Cisco, Arista, Dell, and F5.

How It Works

1. EoX validation leverages reference data for both hardware and software end-of-life timelines.
2. Cisco EoX:
   • Requires integration with Cisco SNTC (Smart Net Total Care).
   • SNTC populates the built-in NCT table with module-level EoX details.
   • Automation references this table to determine EoX status.
   • As Cisco's lifecycle data sources evolve, NetBrain will continue to align its EoX integration accordingly.
3. Arista, Dell, and F5:
   • Customers can populate the following ADTs with vendor-provided EoX data:
     • Arista EoX General Data
     • Dell EoX Hardware Data
     • Dell EoX Software Data
     • F5 EOL Hardware Data
     • F5 EOL Software Data
   • Data can be entered manually or imported via CSV.
   • Important: Do not modify ADT column names, as automation relies on predefined schema matching.

6.3 Auto-Test Solution

Purpose
The Auto-Test solution validates reachability and path stability for critical IPs across the network.

Core Functions
It performs three validations:

1. Ping reachability to critical IPs.
2. Traceroute path analysis to confirm connectivity.
3. Next-hop consistency check to detect routing table changes.

Data Sources
Auto-Test works with two input sources:

1. Automatically fetched IPs from device configurations or CLIs (e.g., SNMP server, DNS, IP Helper).
2. User-defined critical IPs, populated in the "Auto Test Critical IPs" ADT (e.g., DC Edge, Core Services, or DC Server IPs).

Execution Control
Auto-Test is disabled by default, since environments that block ICMP can cause ping and traceroute attempts to stall, and stalled attempts extend installation time. Enabling Auto-Test selectively, in environments where ICMP is permitted, ensures the best balance of coverage and performance.

To enable Auto-Test:

1. Open the "Reference Data" ADT.
2. Locate the row labeled "Perform_AutoTest."
3. Change the value in the "Alert Value" column to any non-zero integer.
   • This activates Auto-Test during rule execution.

Traceroute Behavior:

1. Even when Auto-Test is enabled, traceroute remains disabled by default.
2. To enable it:
   • In the same "Reference Data" ADT, locate "Perform_Traceroute."
   • Set Alert Value to a non-zero integer.
   • Traceroute will now run only when ping success rate is 0%.

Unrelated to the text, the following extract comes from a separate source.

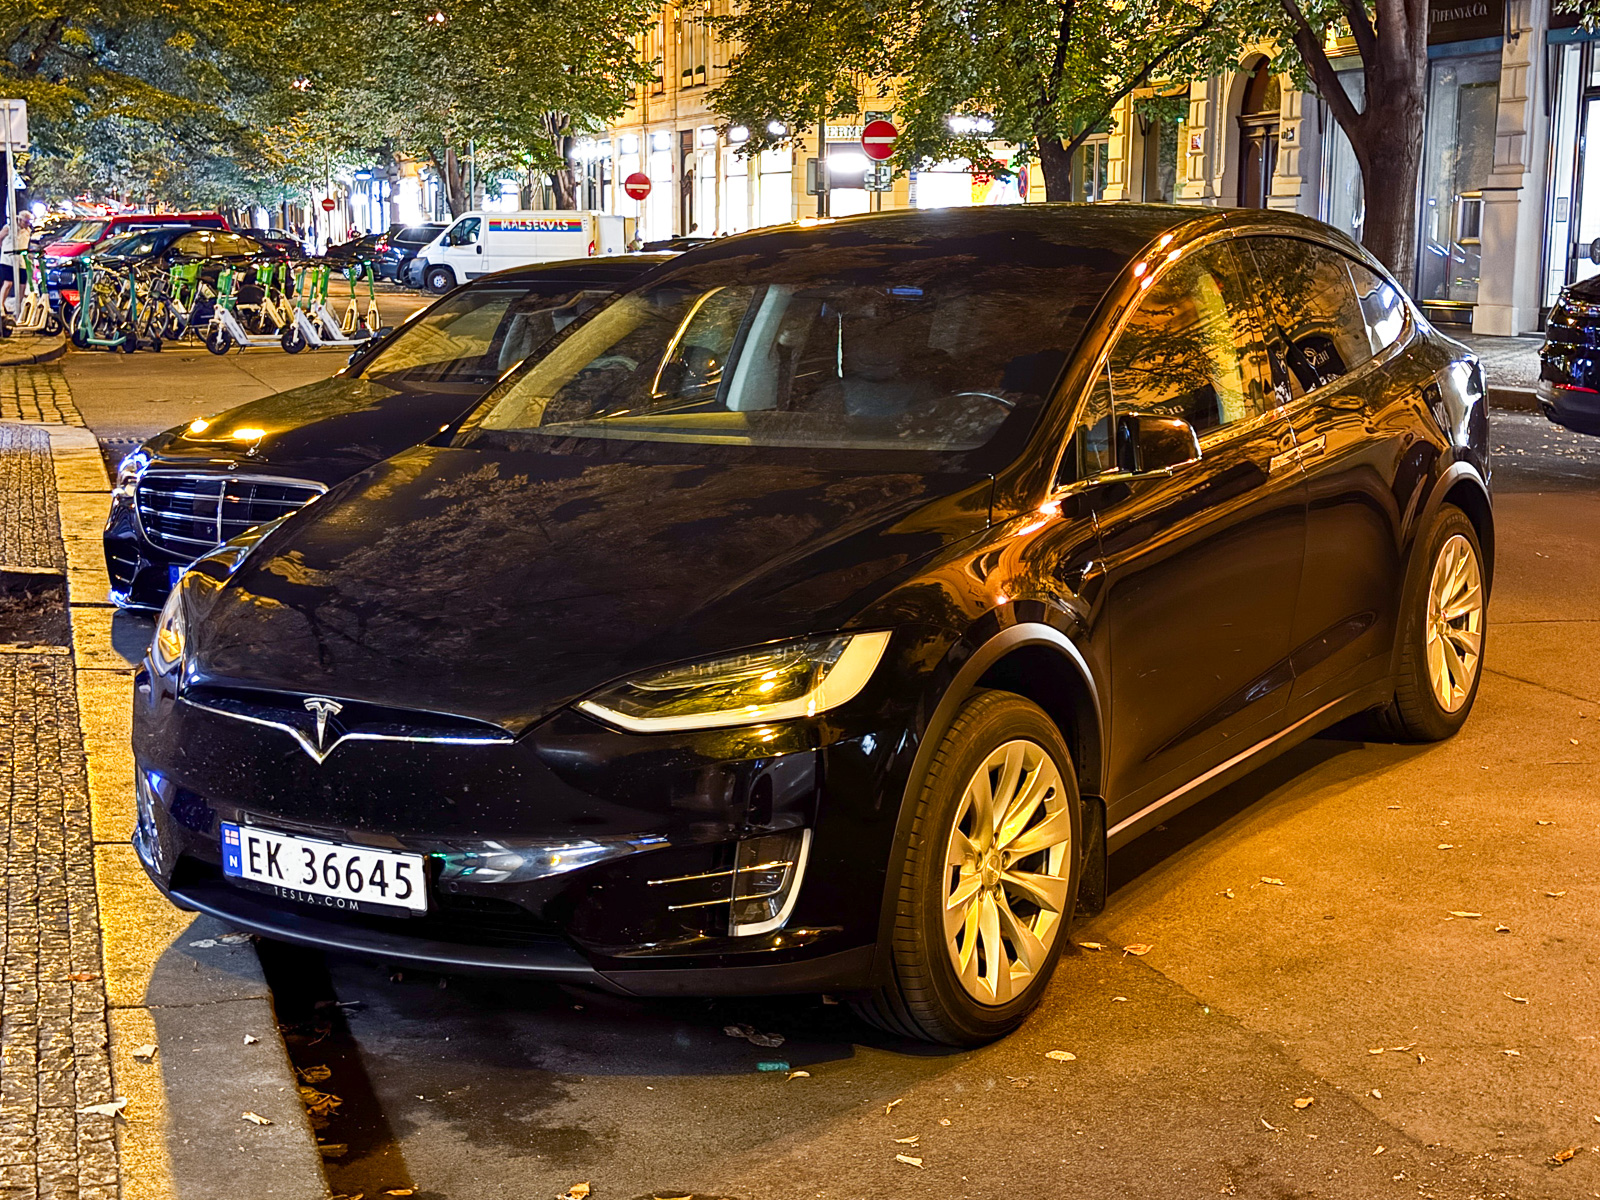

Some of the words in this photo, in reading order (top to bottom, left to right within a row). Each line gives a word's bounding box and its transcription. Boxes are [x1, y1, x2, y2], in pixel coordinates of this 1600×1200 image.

⭐ 7. Best Practices and Recommendations

• Always install GAL from IBAC first for dependency alignment.
• Use batch installs or disable runtime execution to control CPU utilization.
• Keep vendor ADT schema intact to prevent validation errors for EoX solution.
• Review EoX data sources periodically for freshness.
• Enable Auto-Test selectively, starting with a small device subset to validate performance.

8. Summary

The GAL 26.03 release establishes a unified, data-driven automation framework across assessment, discovery, and operational validation.

By combining the foundational library setup with advanced solutions (EoX, and Auto-Test), engineers can achieve full-spectrum visibility, from configuration compliance to live operational health, in multi-vendor network environments.